The Socialist Federal Republic of Yugoslavia (SFRY) was a socialist country that existed in the second half of the 20th century. Being socialist meant that strict technology import rules and regulations shaped the development of computer history in the country, unlike in the Western world. However, since it was a non-aligned country, it had no ties to the Soviet Bloc either. One of the major ideas contributing to the development of any technology in SFRY was the apparent need to be independent of foreign suppliers for spare parts, fueling domestic computer development.

Development

Early computers
In former Yugoslavia, at the end of 1962 there were 30 installed electronic computers, in 1966, there were 56, and in 1968 there were 95.
Having received training in the European computer centres (Paris 1954 and 1955, Darmstadt 1959, Wien 1960, Cambridge 1961 and London 1964), engineers from the BK.Institute-Vinča and the Mihailo Pupin Institute-  Belgrade, led by Prof. dr Tihomir Aleksić, started a project of designing the first "domestic" digital computer at the end of the 1950s. This was to become a line of CER (), starting with the model CER-10 in 1960, a primarily vacuum tube and electronic relays-based computer.

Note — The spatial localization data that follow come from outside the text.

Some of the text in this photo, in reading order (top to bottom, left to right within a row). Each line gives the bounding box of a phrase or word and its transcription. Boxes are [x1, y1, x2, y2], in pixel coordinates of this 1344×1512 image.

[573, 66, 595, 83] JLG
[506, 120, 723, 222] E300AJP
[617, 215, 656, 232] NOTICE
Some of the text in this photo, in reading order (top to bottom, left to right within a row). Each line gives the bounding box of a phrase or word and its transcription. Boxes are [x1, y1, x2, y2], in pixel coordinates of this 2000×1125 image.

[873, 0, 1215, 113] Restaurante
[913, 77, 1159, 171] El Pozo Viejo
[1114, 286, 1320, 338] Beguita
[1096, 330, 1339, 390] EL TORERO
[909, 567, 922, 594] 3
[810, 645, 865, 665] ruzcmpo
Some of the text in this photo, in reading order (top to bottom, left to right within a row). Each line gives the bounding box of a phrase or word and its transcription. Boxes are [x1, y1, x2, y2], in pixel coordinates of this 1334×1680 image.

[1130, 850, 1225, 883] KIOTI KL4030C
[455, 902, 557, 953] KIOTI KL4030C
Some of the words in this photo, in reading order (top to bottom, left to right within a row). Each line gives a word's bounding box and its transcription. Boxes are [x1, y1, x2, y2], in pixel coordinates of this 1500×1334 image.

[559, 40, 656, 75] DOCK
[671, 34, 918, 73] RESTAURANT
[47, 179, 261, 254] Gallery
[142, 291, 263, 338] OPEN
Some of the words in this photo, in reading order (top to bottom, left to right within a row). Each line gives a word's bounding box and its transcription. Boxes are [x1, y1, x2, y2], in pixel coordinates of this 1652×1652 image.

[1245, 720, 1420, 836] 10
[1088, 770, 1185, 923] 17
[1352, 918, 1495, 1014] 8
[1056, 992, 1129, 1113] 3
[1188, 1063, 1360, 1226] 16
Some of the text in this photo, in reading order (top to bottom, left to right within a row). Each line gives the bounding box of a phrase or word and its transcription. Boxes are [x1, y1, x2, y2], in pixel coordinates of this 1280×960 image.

By 1964, CER-20 computer was designed and completed as "electronic bookkeeping machine", as the manufacturer recognized increasing need in accounting market. This special-purpose trend continued with the release of CER-22 in 1967, which was intended for on-line "banking" applications.

There were more CER models, such as CER-11, CER-12, and CER-200, but there is currently little information here available on them.

In the late 1970s, "Ei-Niš Računarski Centar" from Niš, Serbia, started assembling Mainframe computers H6000 under Honeywell license, mainly for banking businesses. Computer initially had a great success that later led into local limited parts production. In addition, the company produced models such as H6 and H66 and was alive as late as early 2000s under name "Bull HN". Models H6 were installed in enterprises (e.g., telecom) for business applications and ran the GCOS operating system. Also, they were used in education. E.g., one of the built Honeywell H6 was installed in local electronics engineering and trade school "Nikola Tesla" in Niš and was used for training and educational purposes until late 80s and dawn of personal computers.

Imports
Eventually, the socialist government of SFRY allowed foreign computers to be imported under strict conditions. This led to the increasing dominance of foreign mainframes and a continuous reduction of relative market share for domestic products.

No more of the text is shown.